While you may be tempted to complete work or home insulation jobs as do-it-yourself projects, these are messy and sometimes time-consuming jobs often better left to a pro. Insulation comes in four main types: fiberglass, rock wool, cellulose, and synthetic. One insulation contractor may be qualified to install all types of insulation, but it may be necessary to determine the type of insulation which best meets your needs and hire professional insulation contractors trained in the type of insulation you need -- such as foam insulation contractors, spray insulation contractors, or blown insulation contractors.
Within the same company, there are those specialists who install attic and ceiling insulation and those who are simply wall insulation contractors. If you are unsure which type of insulation is best suited for your project, good insulation pros can educate you on the benefits and disadvantages of the various materials and installations available.

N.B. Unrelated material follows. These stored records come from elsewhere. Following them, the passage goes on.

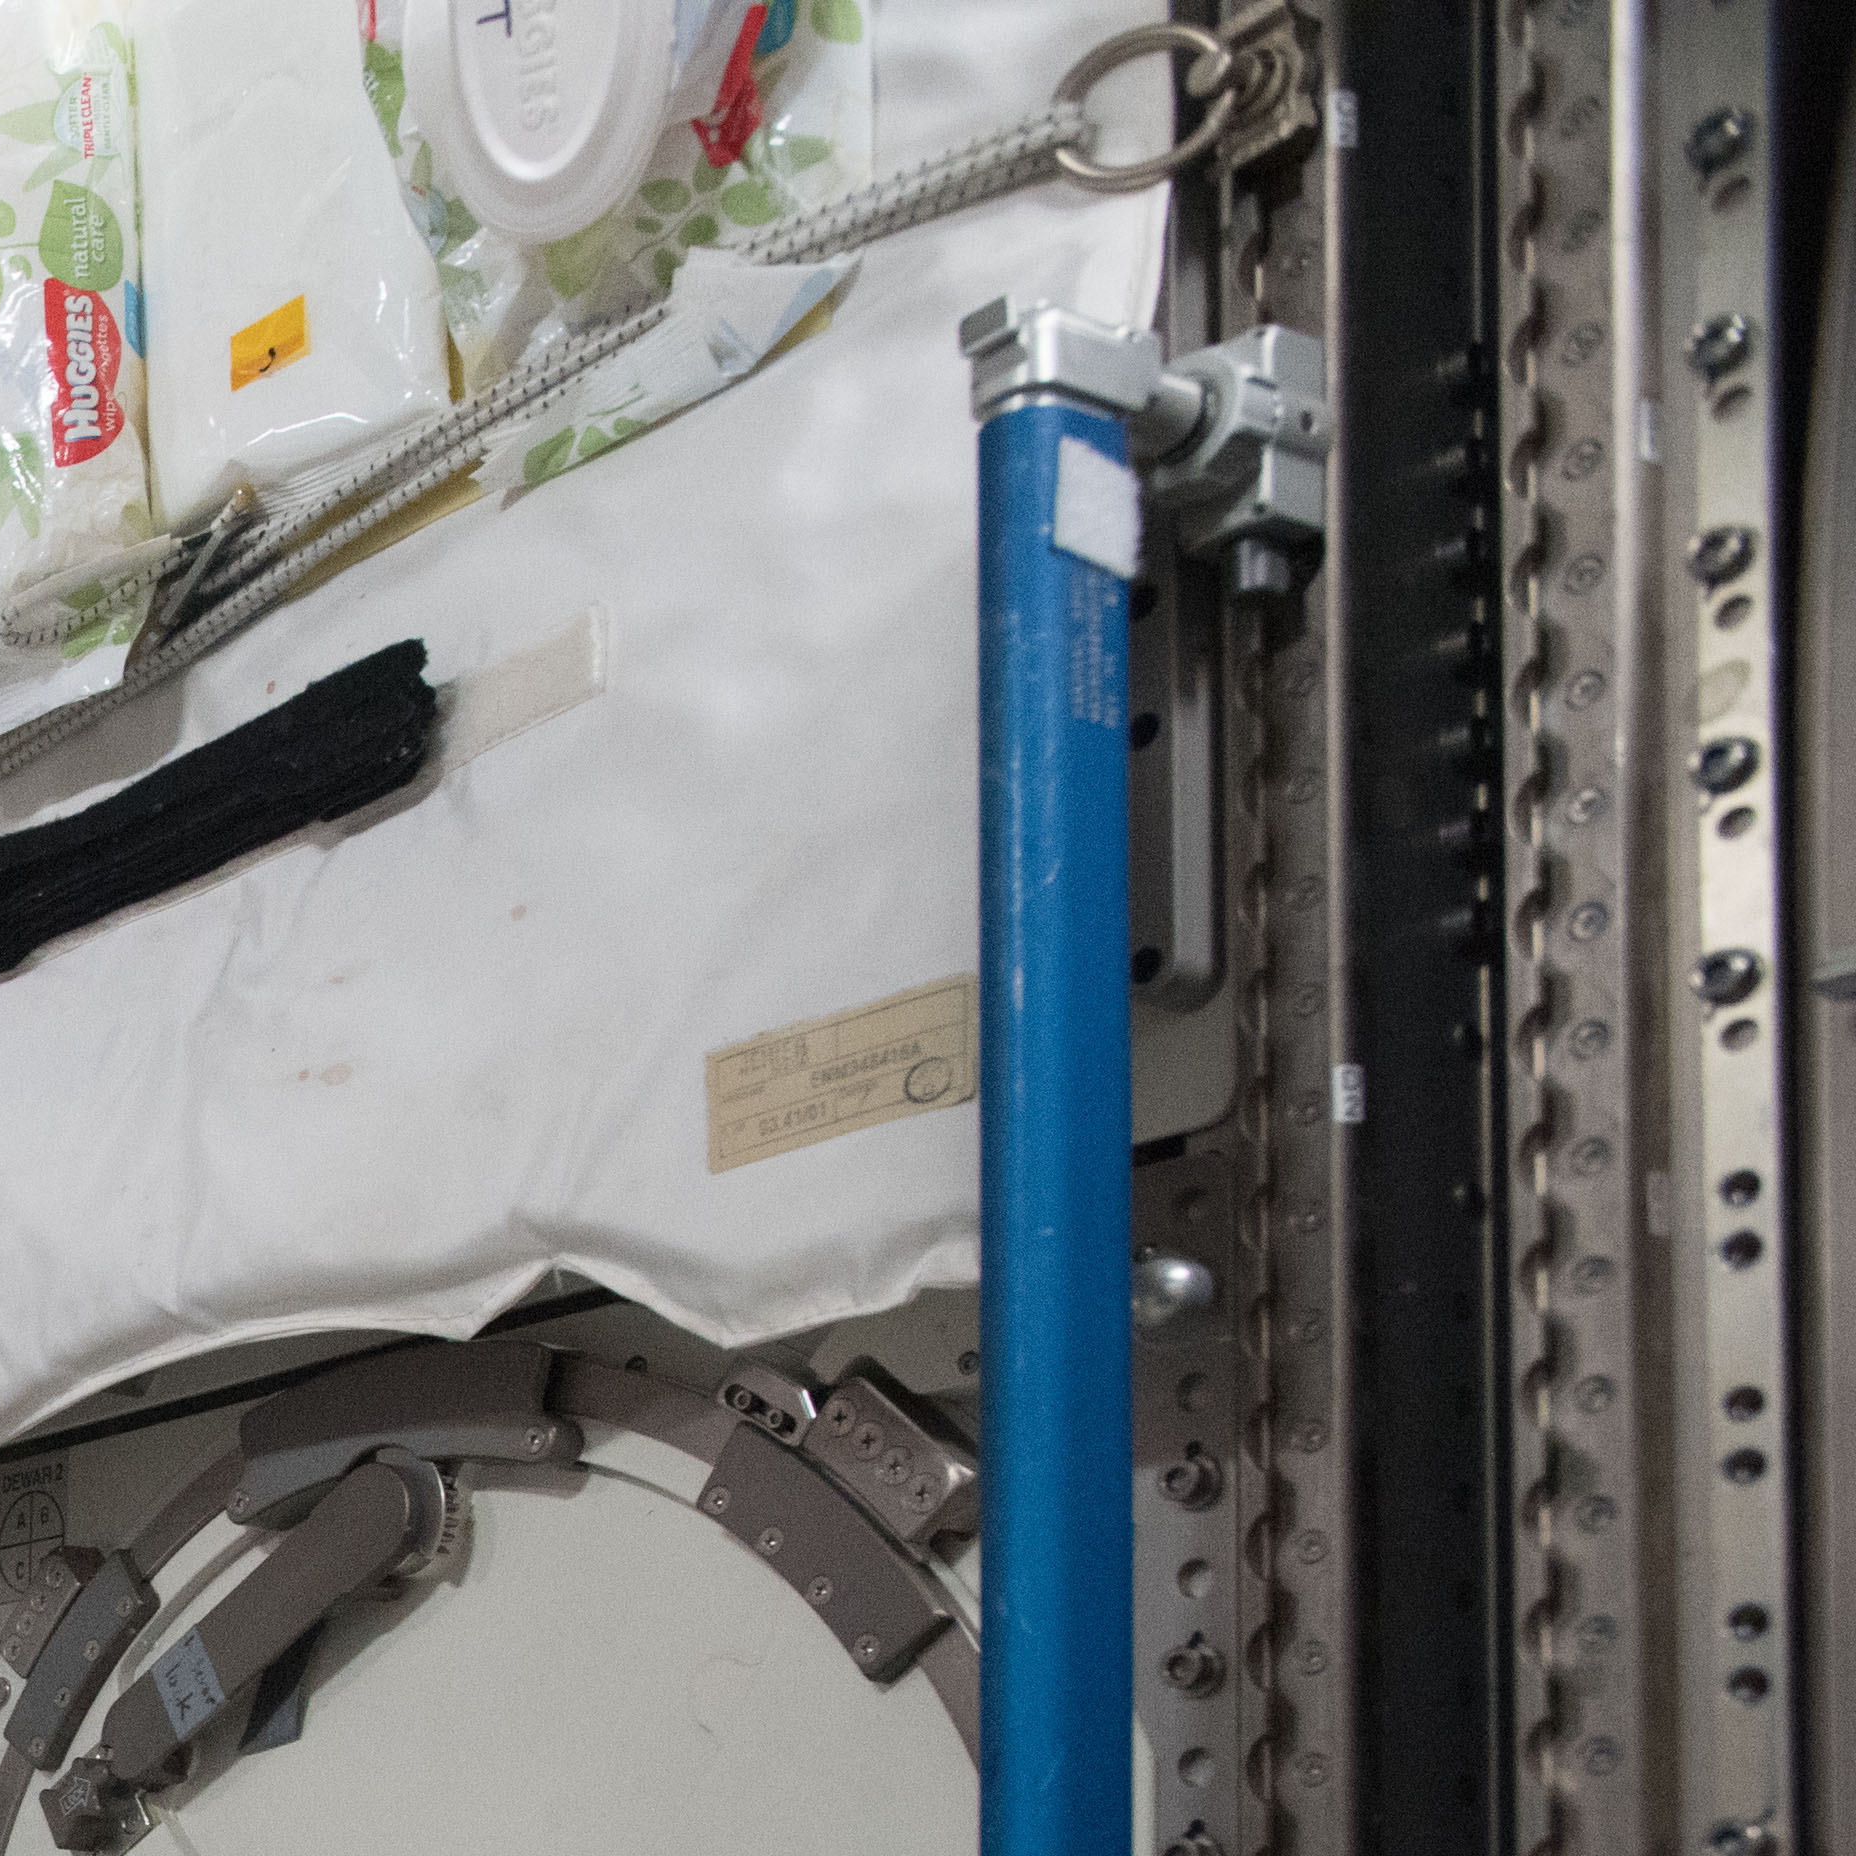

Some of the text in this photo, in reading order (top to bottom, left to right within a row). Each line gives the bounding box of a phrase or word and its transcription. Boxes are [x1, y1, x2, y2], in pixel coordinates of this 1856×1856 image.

[80, 76, 95, 160] TRIPLE CLEAN
[63, 198, 89, 280] natural
[92, 214, 106, 263] care
[62, 294, 102, 443] HUGGIES
[2, 1462, 64, 1494] DEWAR 2
[16, 1506, 50, 1529] A B
[15, 1561, 25, 1581] C

Steps for choosing insulation contractors include:
- Determining the best type of pro insulation for your project
- Using local insulation contractors whenever possible
- Finding qualified, insured, and bonded insulation installers
- Verifying licensure, insurance coverage, and bonding
- Getting all bids and contracts in writing
Find qualified insulation contractors
To find experienced, licensed, and certified insulation contractors in your area, ask friends or neighbors who have recently had renovations done, talk to builders in your area, or seek professionals through various directories of insulation companies.
Get at least three written bids from insulation pros
A good bid should include a detailed materials list with specifications, labor costs, specific time frame of your project, and a payment schedule.
Verify that insulation contractors are licensed, insured, and bonded
Confirm that your contractor has both General Liability Insurance to cover any damage that might occur to your property, Workers Compensation Insurance to cover the insulation contractor or any employee of the company who might be injured while working on your property, and Bonding to protect you if the contractor goes out of business or is unable to complete your project. Ask to see your contractor's state or local contractor's license, Certificate of Insurance, and Certificate of Bonding.
Contracts from insulation contractors should include an explicit payment schedule
You want to start the project with a well-drafted contract; this can head off trouble later. It is also important to settle on a schedule of payment. Beware of insulation contractors who ask for full payment before the job is completed.
New York City Department of Consumer Affairs
also has an excellent contract form that may be modified to suit your project.
- Ask your insulation contractors for references and check them.
- To ensure that the work was properly completed, ask your wall insulation contractors to show you the insulated areas before they are enclosed.
- In case of contact changes or unexpected problems, communicate with your contractor in writing.